# Study material:
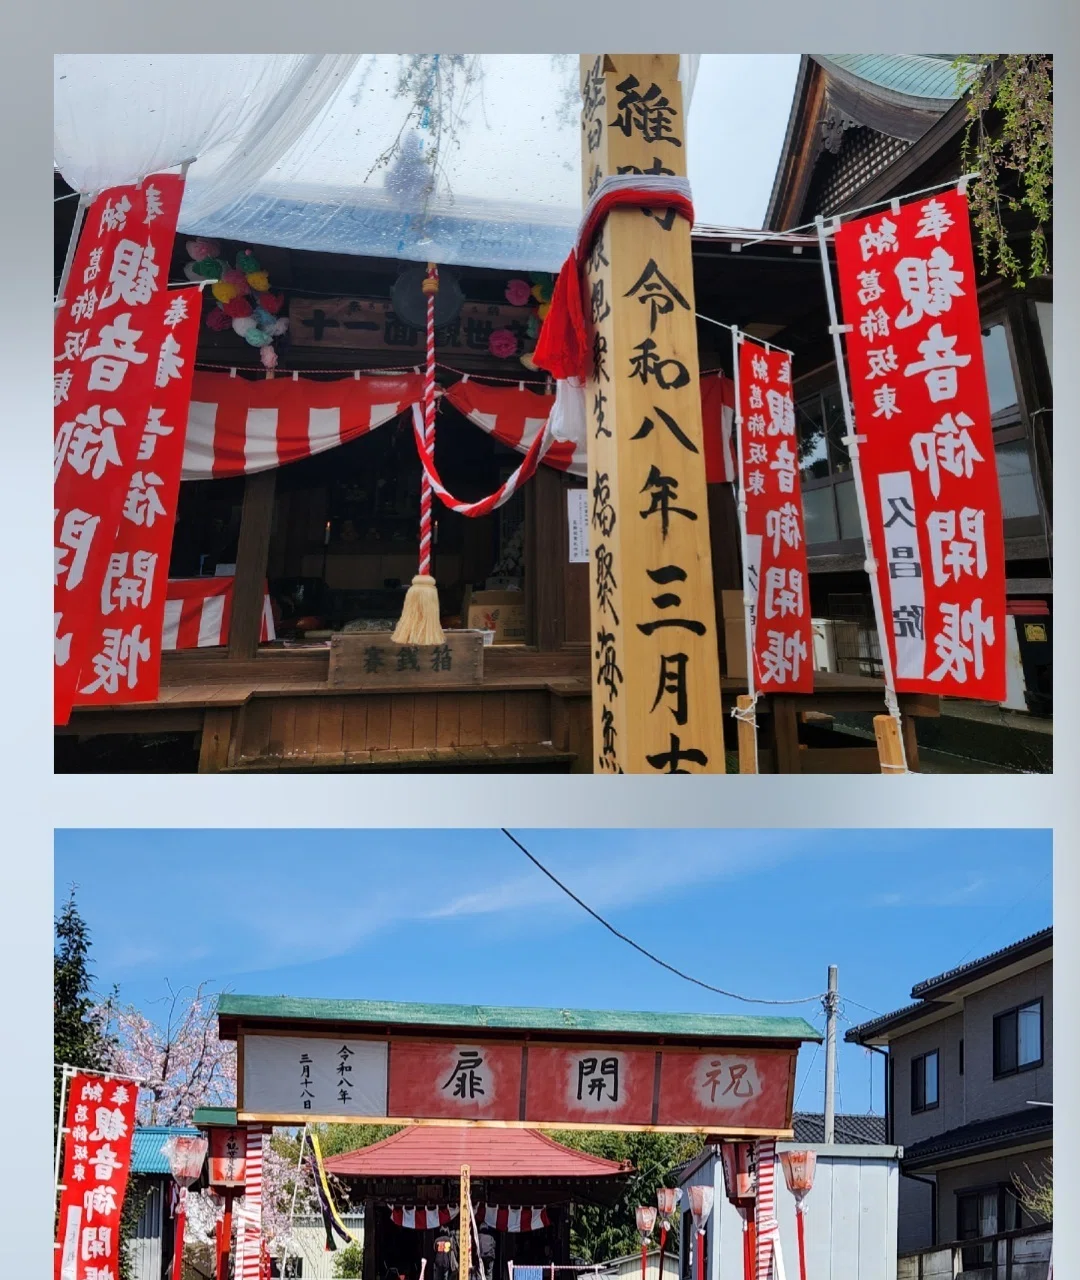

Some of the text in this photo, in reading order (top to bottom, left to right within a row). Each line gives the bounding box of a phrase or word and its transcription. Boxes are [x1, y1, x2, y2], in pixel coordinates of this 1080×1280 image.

[299, 1052, 315, 1110] 三月十八日
[336, 1044, 354, 1104] 令和八年
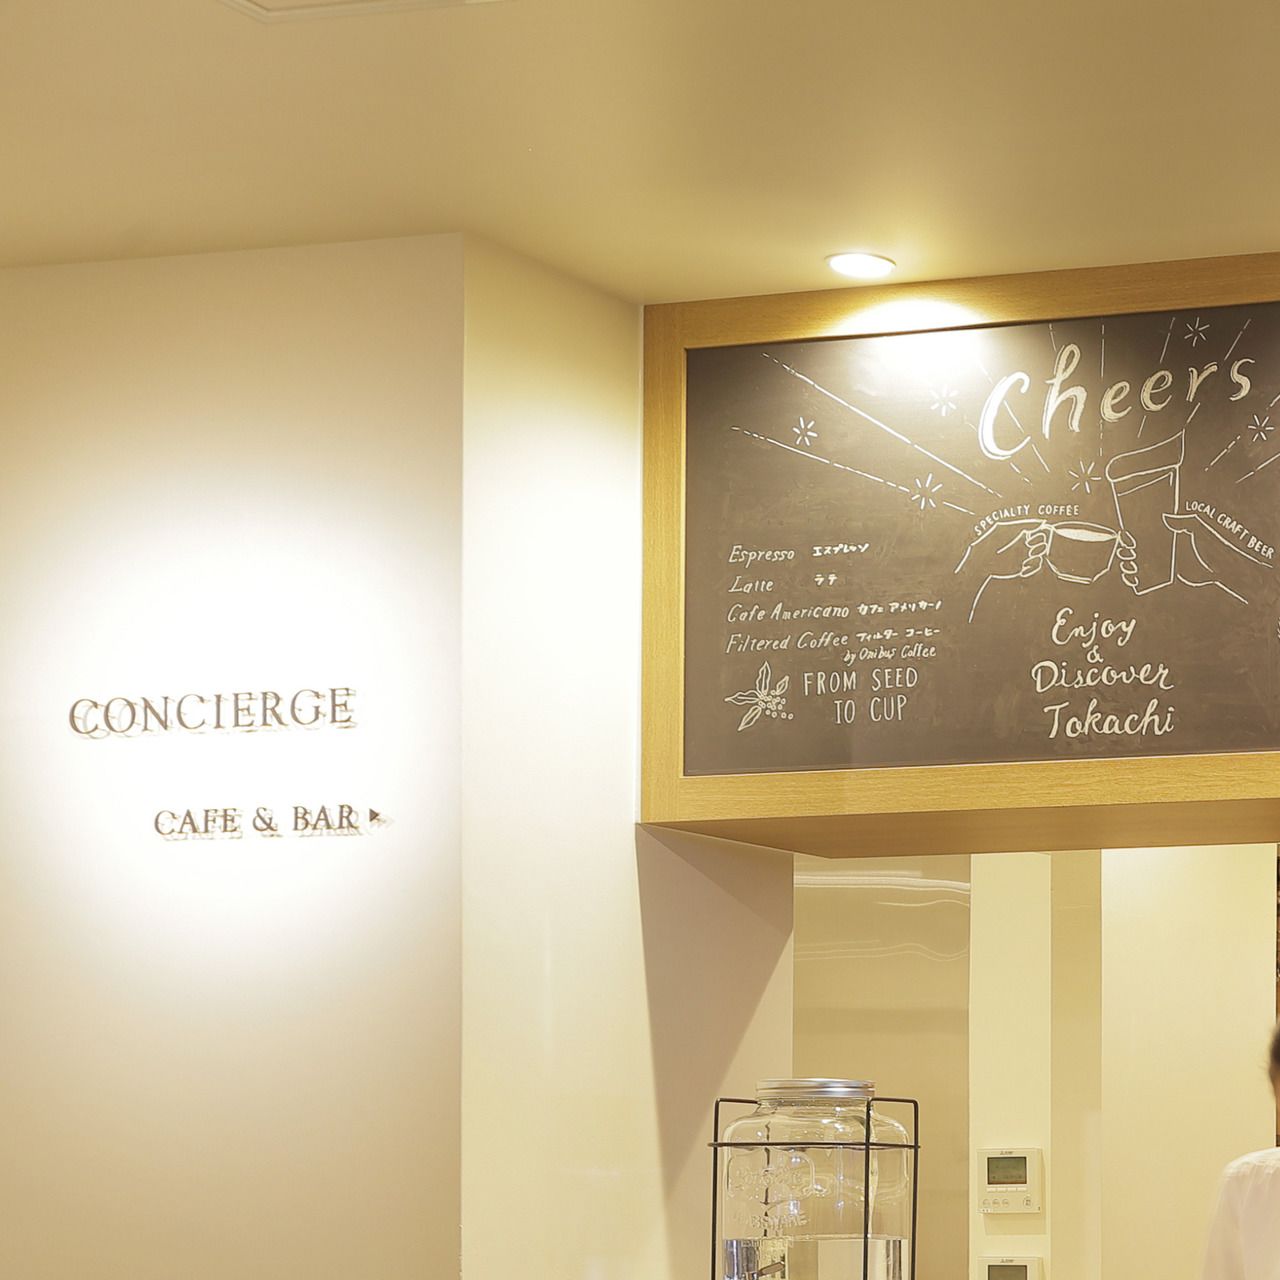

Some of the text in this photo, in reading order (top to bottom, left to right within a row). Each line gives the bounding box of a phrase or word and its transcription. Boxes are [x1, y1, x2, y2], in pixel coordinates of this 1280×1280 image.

[977, 343, 1255, 460] Cheers
[974, 504, 1080, 536] SPECIALTY COFFEE
[1185, 501, 1275, 560] LOCAL CRAFT BEER
[728, 545, 796, 569] Espresso
[728, 575, 774, 594] Latte
[814, 573, 838, 587] ラテ
[727, 602, 850, 623] Cafe Americano
[1051, 607, 1137, 648] Enjoy
[726, 631, 849, 654] Filtered Coffee
[843, 643, 937, 667] by Onibus Coffee
[1086, 644, 1104, 664] &
[803, 666, 919, 696] FROM SEED
[1032, 660, 1176, 694] Discover
[68, 686, 358, 737] CONCIERGE
[834, 694, 908, 725] TO CUP
[1043, 698, 1176, 740] Tokachi
[153, 803, 361, 838] CAFE & BAR

# Task to complete:
Output each record verbatim and leave out its pictures.

# Solution:
Some of the text in this photo, in reading order (top to bottom, left to right within a row). Each line gives the bounding box of a phrase or word and its transcription. Boxes are [x1, y1, x2, y2], in pixel coordinates of this 1080×1280 image.

[299, 1052, 315, 1110] 三月十八日
[336, 1044, 354, 1104] 令和八年

Some of the text in this photo, in reading order (top to bottom, left to right within a row). Each line gives the bounding box of a phrase or word and its transcription. Boxes are [x1, y1, x2, y2], in pixel coordinates of this 1280×1280 image.

[977, 343, 1255, 460] Cheers
[974, 504, 1080, 536] SPECIALTY COFFEE
[1185, 501, 1275, 560] LOCAL CRAFT BEER
[728, 545, 796, 569] Espresso
[728, 575, 774, 594] Latte
[814, 573, 838, 587] ラテ
[727, 602, 850, 623] Cafe Americano
[1051, 607, 1137, 648] Enjoy
[726, 631, 849, 654] Filtered Coffee
[843, 643, 937, 667] by Onibus Coffee
[1086, 644, 1104, 664] &
[803, 666, 919, 696] FROM SEED
[1032, 660, 1176, 694] Discover
[68, 686, 358, 737] CONCIERGE
[834, 694, 908, 725] TO CUP
[1043, 698, 1176, 740] Tokachi
[153, 803, 361, 838] CAFE & BAR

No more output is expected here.